§ Problem statement: Give the lines again exactly as they appear, beginning at the one with "this 1919×1080 image." and ending at the last line of the records.

(Image-backed grounding data)
----------

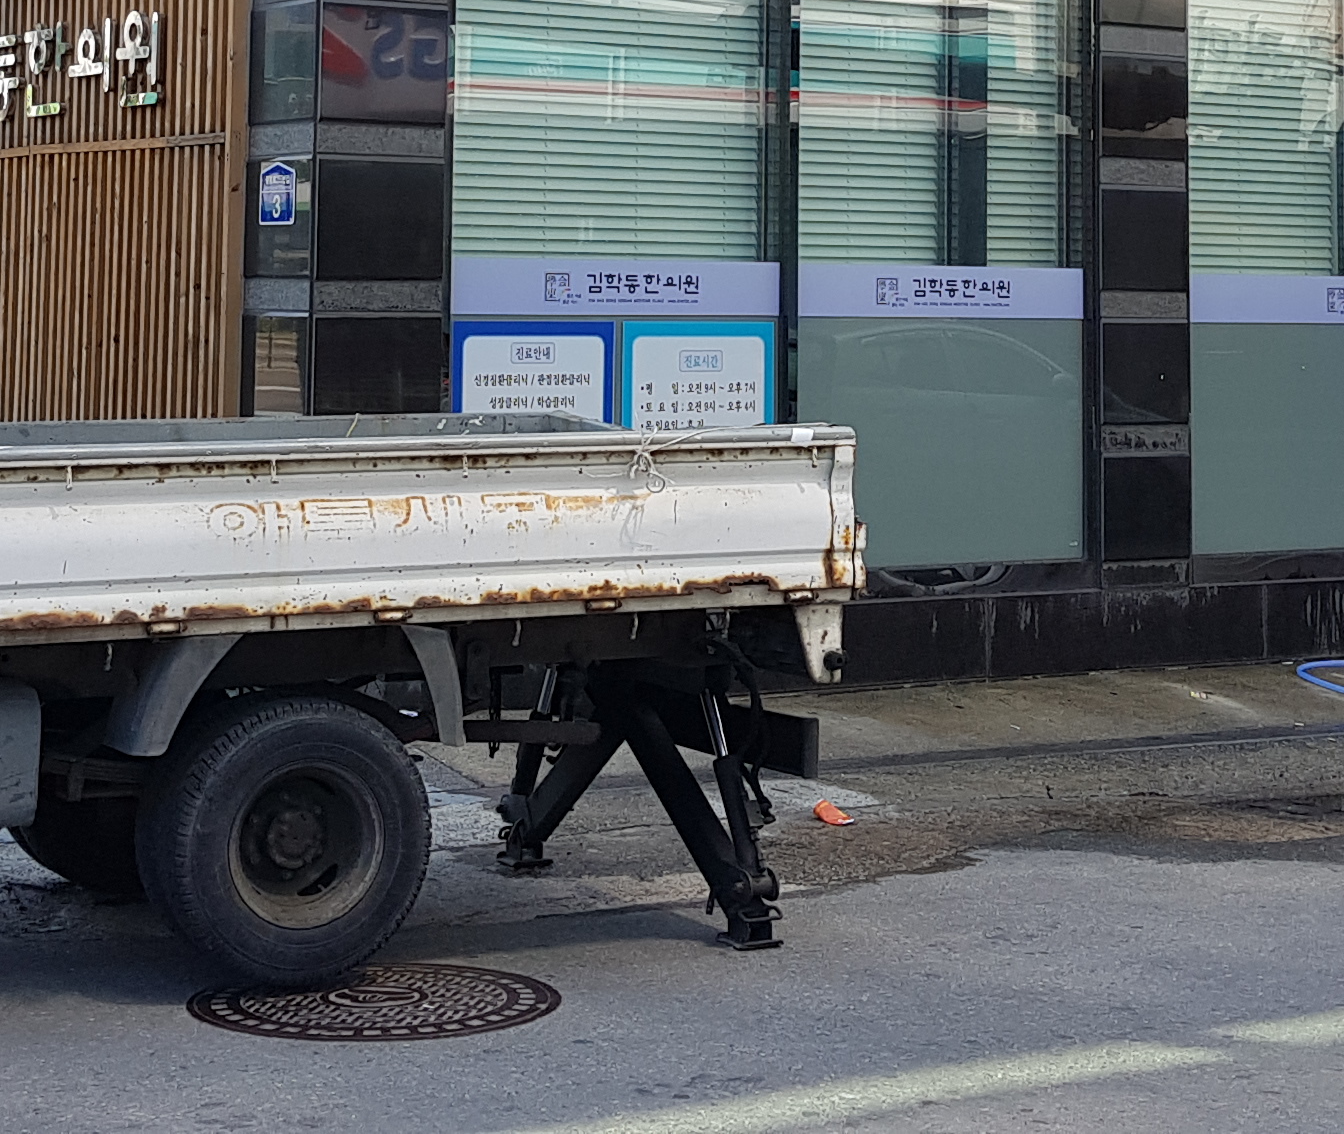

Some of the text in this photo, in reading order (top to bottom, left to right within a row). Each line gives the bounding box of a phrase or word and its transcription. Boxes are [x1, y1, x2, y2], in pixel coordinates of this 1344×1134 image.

[272, 194, 281, 219] 3
[586, 272, 700, 294] 김학동한의원
[912, 277, 1011, 299] 김학동한의원
[515, 346, 551, 360] 진료안내
[683, 354, 719, 368] 진료시간
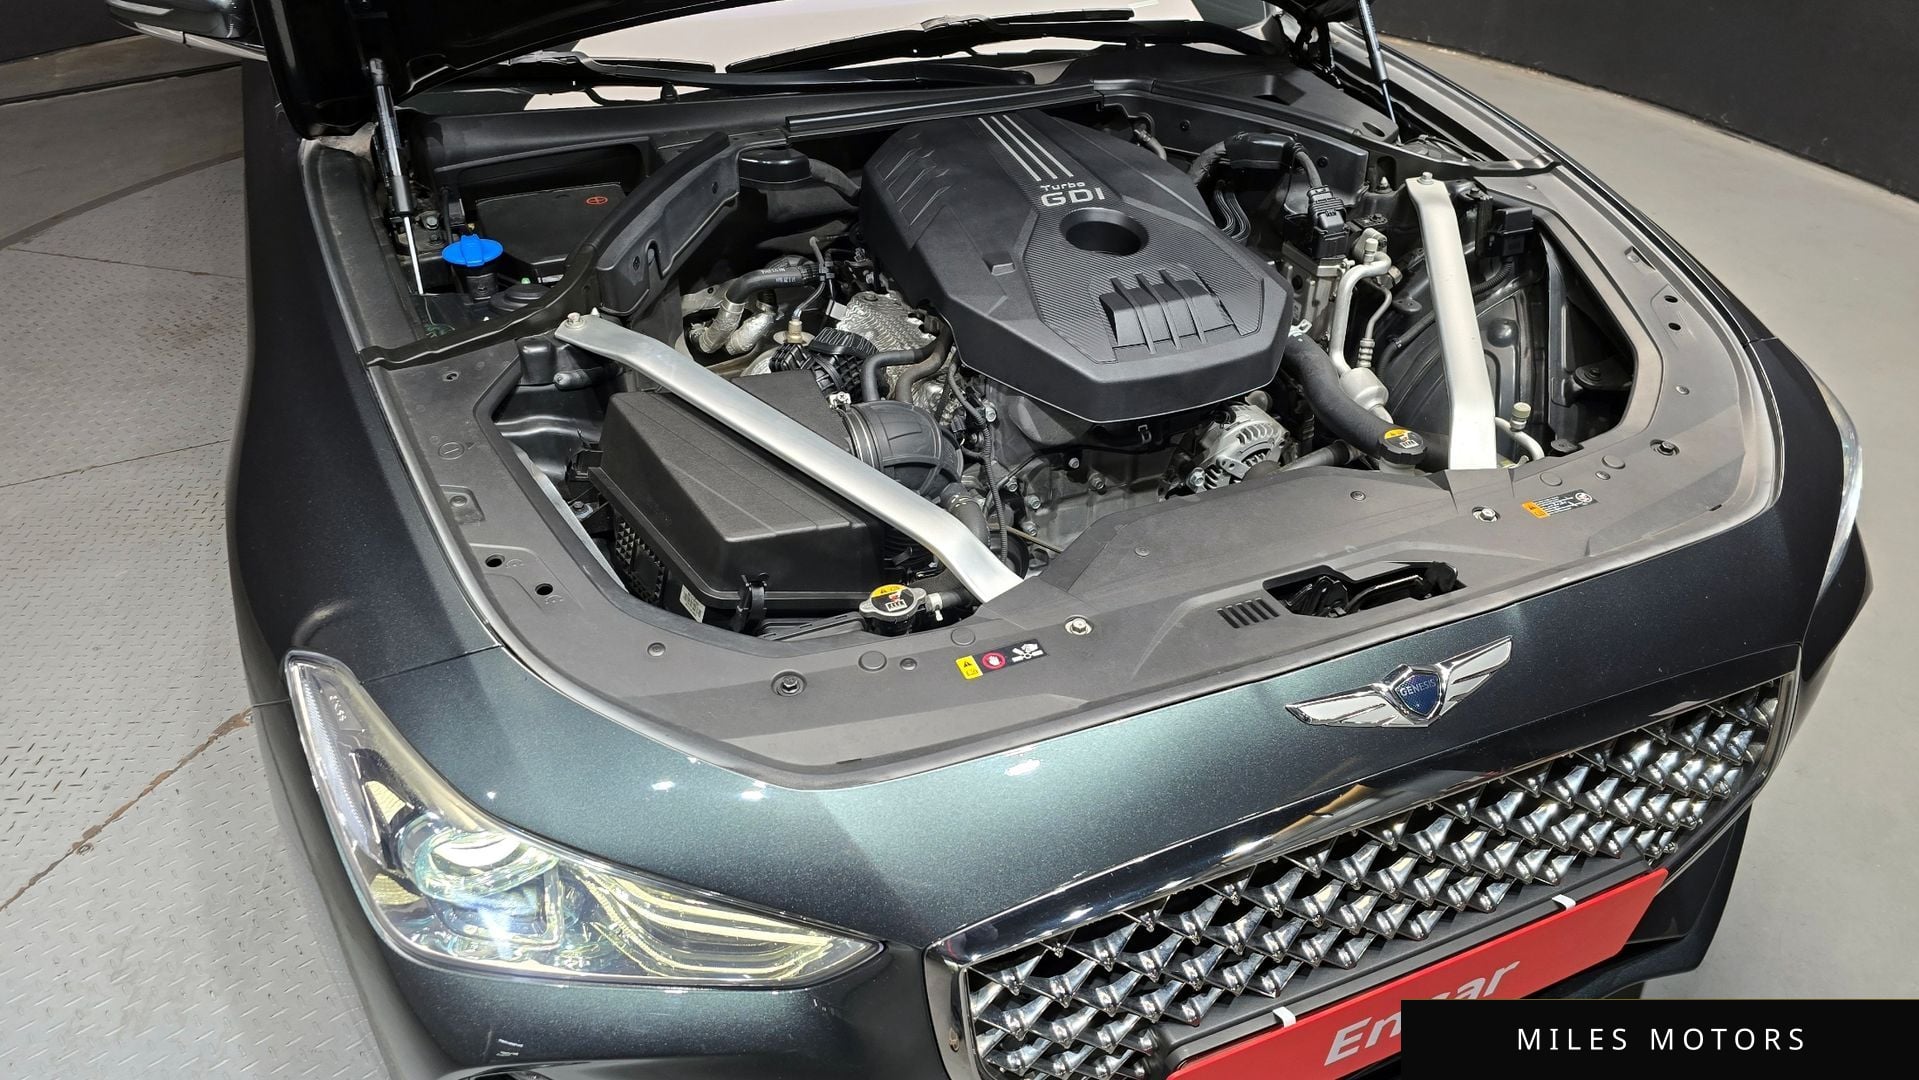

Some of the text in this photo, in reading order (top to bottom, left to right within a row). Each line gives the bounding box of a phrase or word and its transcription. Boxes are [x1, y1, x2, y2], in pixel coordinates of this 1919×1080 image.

[1040, 182, 1085, 191] Turbo
[1041, 187, 1105, 206] GDI
[1400, 678, 1436, 697] GENESIS
[1323, 960, 1521, 1067] Enar

----------

§ Expected answer:
Some of the text in this photo, in reading order (top to bottom, left to right within a row). Each line gives the bounding box of a phrase or word and its transcription. Boxes are [x1, y1, x2, y2], in pixel coordinates of this 1919×1080 image.

[1040, 182, 1085, 191] Turbo
[1041, 187, 1105, 206] GDI
[1400, 678, 1436, 697] GENESIS
[1323, 960, 1521, 1067] Enar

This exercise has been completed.